Todo mundo é inimigo, e eu sou tenente coronel, sou da polícia, a guerra mundial do Brasil acabou, foi lá em Ribeirão, e todo mundo é inimigo. Resolvi oferecer mais água. Ribeirão Preto, neste dia, estava marcando quarenta e dois graus celsius. De verdade. Ignorou.


Você é meu inimigo, eu mandei você me matar, E por que eu faria isto, Porque você é inimigo, Ora, mas você pode até se dizer meu inimigo, mas veja, não estou tentando lhe matar, quero lhe ajudar, estou oferecendo água. Reparei que o cigarro apagado em sua mão tremia muito e ele se esforçava por tragar em vão. Aquele homem devia ter uns 50 anos, aproximadamente. Semblante cansado, respiração difícil e bastante trêmulo. Mas não hesitava em andar em baixo de sol pleno. Era aproximadamente 15h. Simplesmente ia. E se encostava na parede enquanto estava sentado. Era assim que o tinha encontrado.

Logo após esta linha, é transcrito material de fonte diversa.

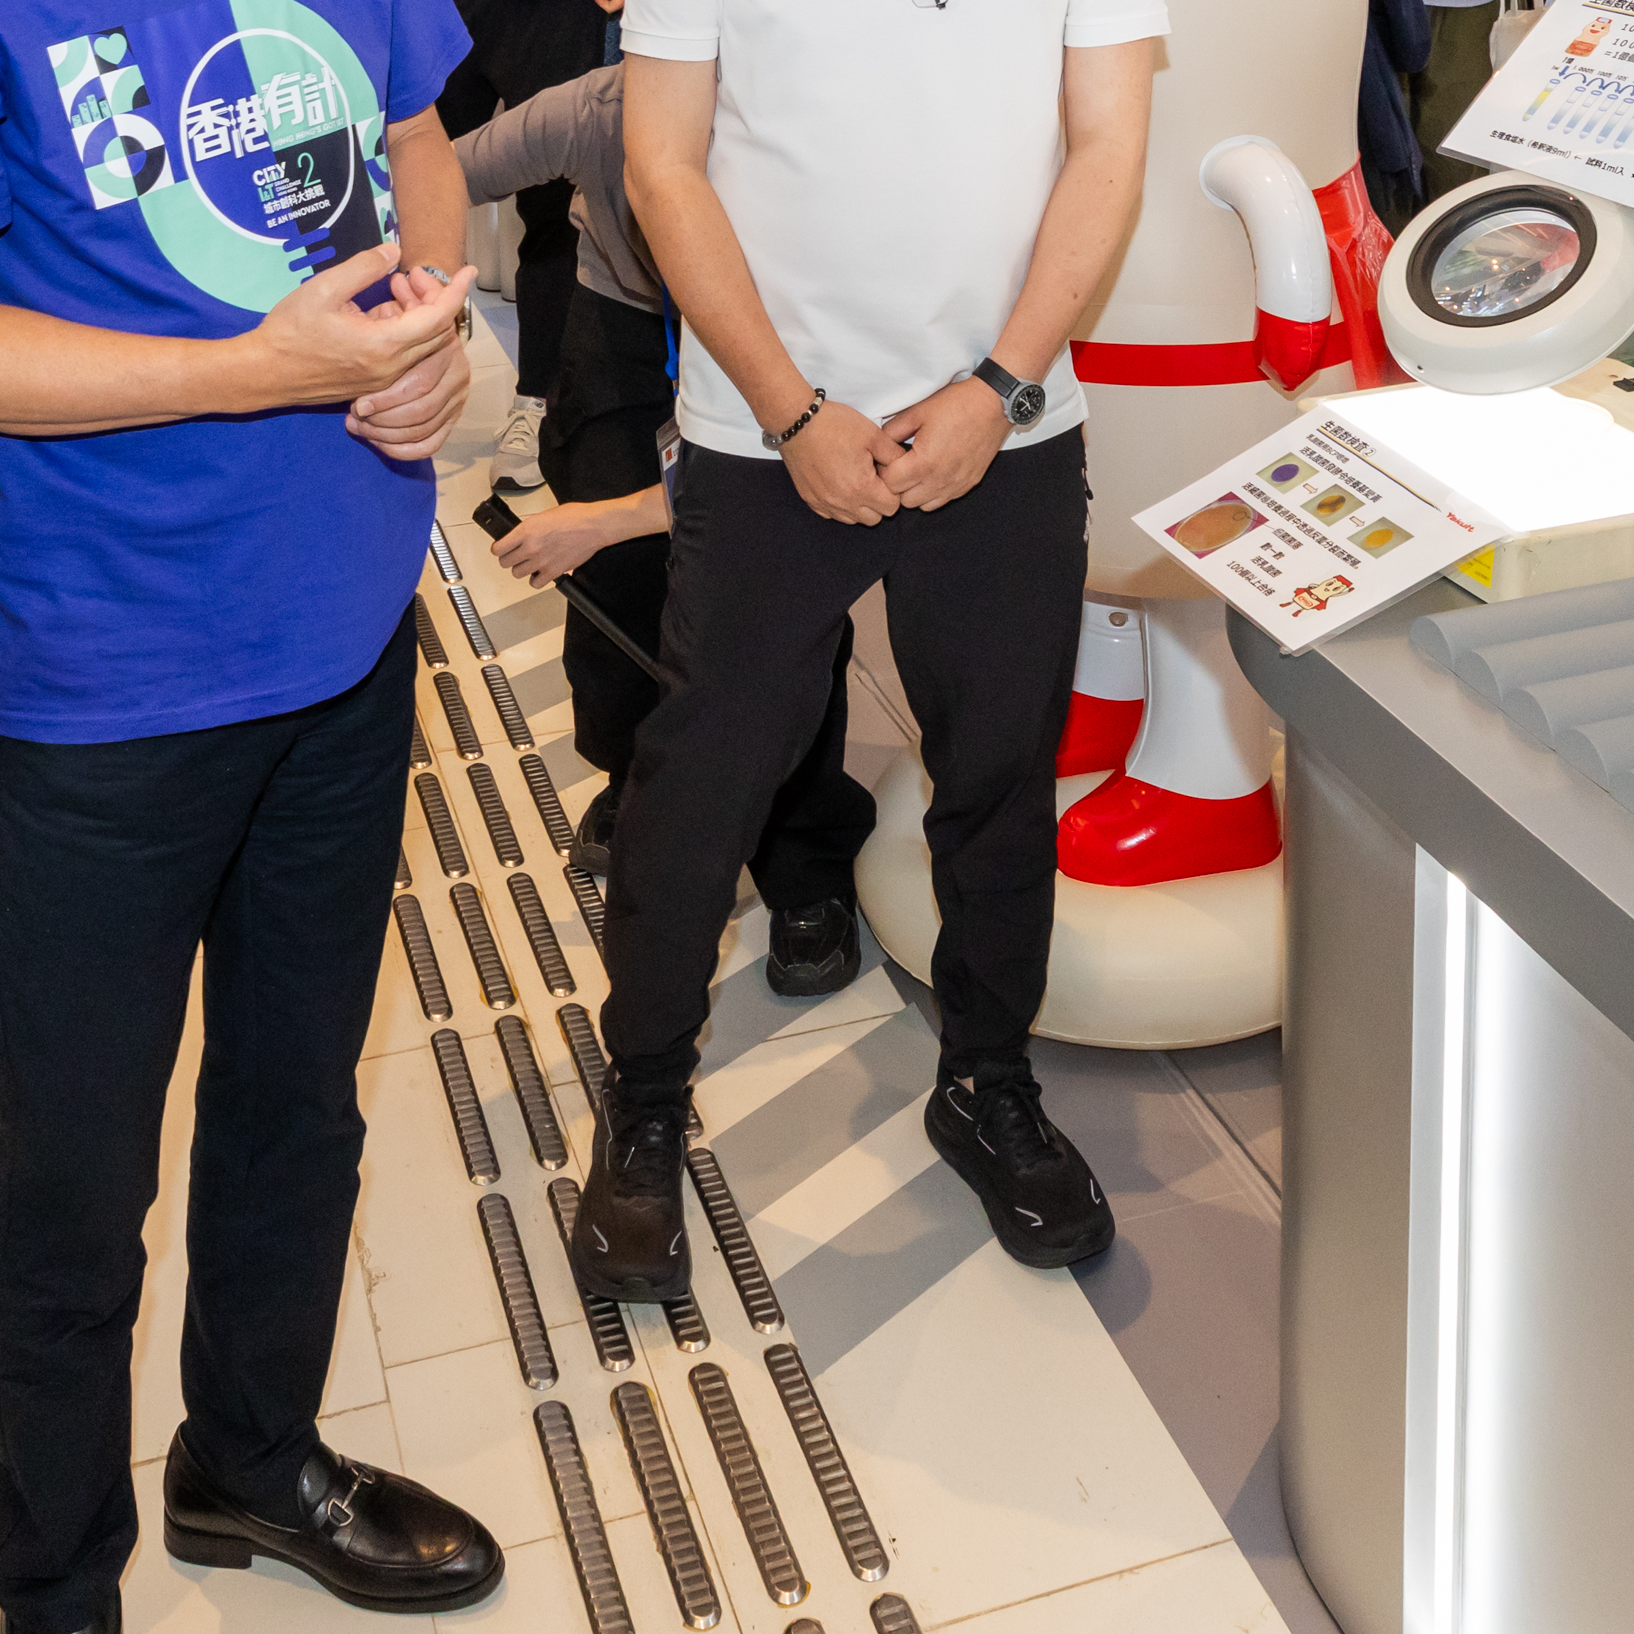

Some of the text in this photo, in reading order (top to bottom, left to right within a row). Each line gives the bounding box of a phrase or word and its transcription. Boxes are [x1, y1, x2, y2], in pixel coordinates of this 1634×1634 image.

[185, 67, 338, 162] 香港有計
[252, 162, 287, 186] CITY
[298, 152, 321, 187] 2
[267, 199, 331, 228] BE AN INNOVATOR
[1446, 511, 1476, 534] Yakult

Ei, eu estou reconhecendo você, você é meu filho, disse ele, E como eu me chamo, retruquei, Não lembro, E qual a minha idade, Uns 20 anos, e você vai me levar para casa, minha tia está me esperando com meus documentos, Mas se sou seu filho, eu que moro na sua casa e não o contrário, Não, você vai me levar para casa e me oferecer um café à sua mesa, Já lhe ofereci água, mas se quer um café lhe trago, você pode esperar, perguntei, Eu não, você é meu inimigo.

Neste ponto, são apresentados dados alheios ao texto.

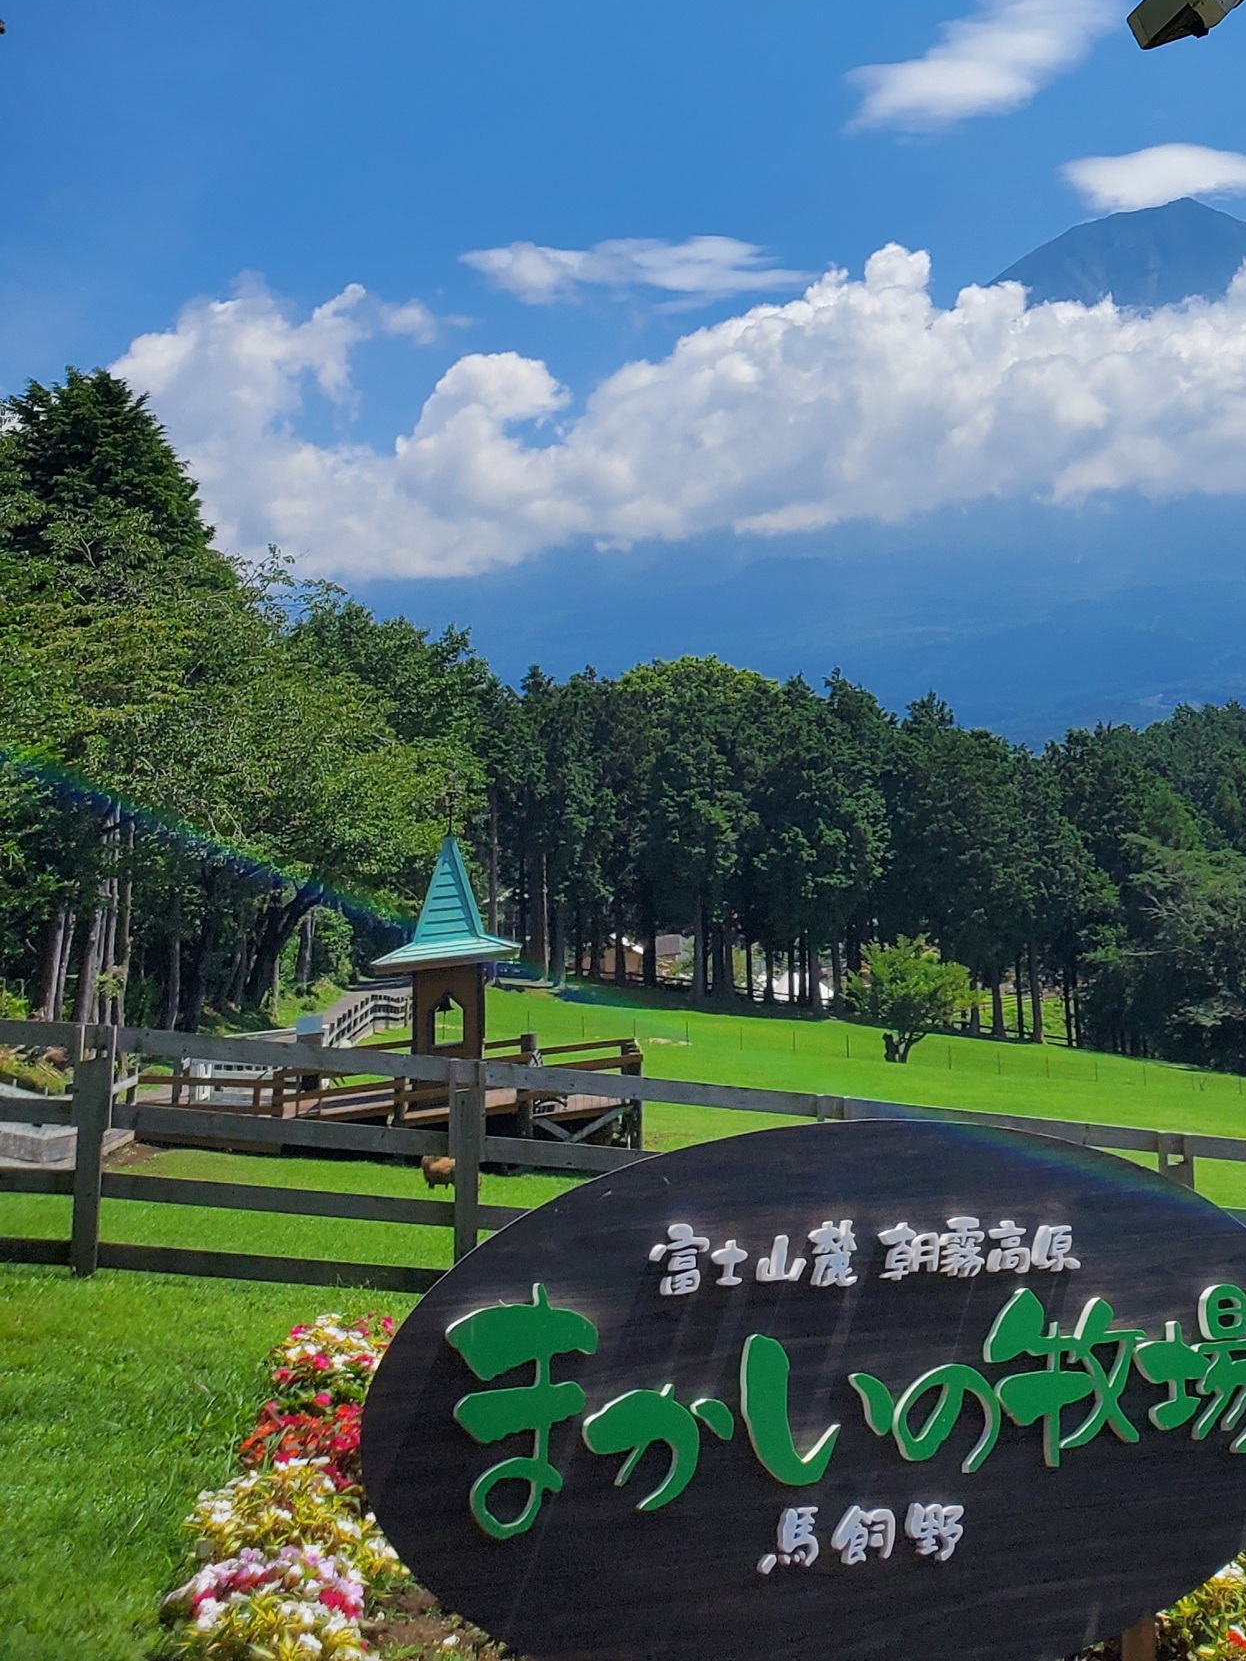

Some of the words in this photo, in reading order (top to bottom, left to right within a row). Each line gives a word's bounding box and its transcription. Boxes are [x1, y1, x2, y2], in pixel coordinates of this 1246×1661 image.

[649, 1220, 859, 1296] 富士山麓
[878, 1216, 1081, 1280] 朝霧高原
[756, 1502, 965, 1575] 馬飼野

Inimigo por quê, perguntei, Porque você estava na guerra mundial de Ribeirão Preto, a cidade que eu construí, E destruiu na guerra, perguntei. Silêncio. E você ia me matar, Acho que não, você não me é inimigo, ao contrário, estou lhe tratando como amigo. Sua expressão mudara e pela primeira vez me olhou nos olhos. Pediu com os olhos que eu lhe repetisse a última frase, como ele mesmo o fazia quando queria me convencer, no início de tudo. Desta vez eu teria que convencê-lo. E olhando em seus olhos disse novamente Para mim, você é amigo. Estendeu a mão e esboçou um aperto de mão. Dei-lhe a minha mão. Foi a única vez que o vi sorrir. Se levantou animado, querendo ir para casa. Pois vá, estarei aqui para quando quiser ajuda, Oras, me arrume um copo de água, Quer um fósforo, perguntei. Silêncio.


Voltei com uma garrafa de dois litro de água e uma caneca. Só que o encontrei dormindo. Ainda na ânsia de cumprir minha palavra, resolvi que ia buscar uma garrafa menor e deixar a água ali, para quando acordasse. Aproveitei e peguei uma caixa de fósforo. Quando voltei, ele  estava sentado já acordado. Não se lembrou de seu filho até que eu lhe dissesse que era seu amigo, não inimigo. Então, de repente, quase sem sentido, ele me disse a verdade! Na cara! Aquelas palavras não poderiam ser mais sábias. Fiquei sem jeito. Andei meio de lado. Ressabiado, sorri e só pude dizer Oras, pode ser. Tomou água com toda a certeza de que era a melhor parte do seu dia. Lembrei do relógio marcando quarenta e dois graus. Terminou sua água, não quis ficar com a garrafa, pegou a caixa de fósforo e fumou o que restava do cigarro apagado em sua mão. Ainda me disse que matou muitos inimigos e que vinha da guerra mundial do Brasil. Falou algo sobre voltar de avião para a casa do próprio pai. Sem mais nem menos, se levantou e foi embora.


Fiquei pasmo. A verdade me fora revelada, sem custo, sem dor. Tudo o que precisei fazer foi dizer que era sua amiga. E não se engane com aparências, a verdade se revela por entre as mentiras que contamos. Em verdade, nenhuma mentira é mentira, ao contrário, é verdade pedindo gentilmente por ser revelada. Mas aquela verdade... minha mãe me avisou para não ir lá, eu iria levar uma paulada. O que ele me disse foi... Você é louco, pois está conversando comigo. Louco.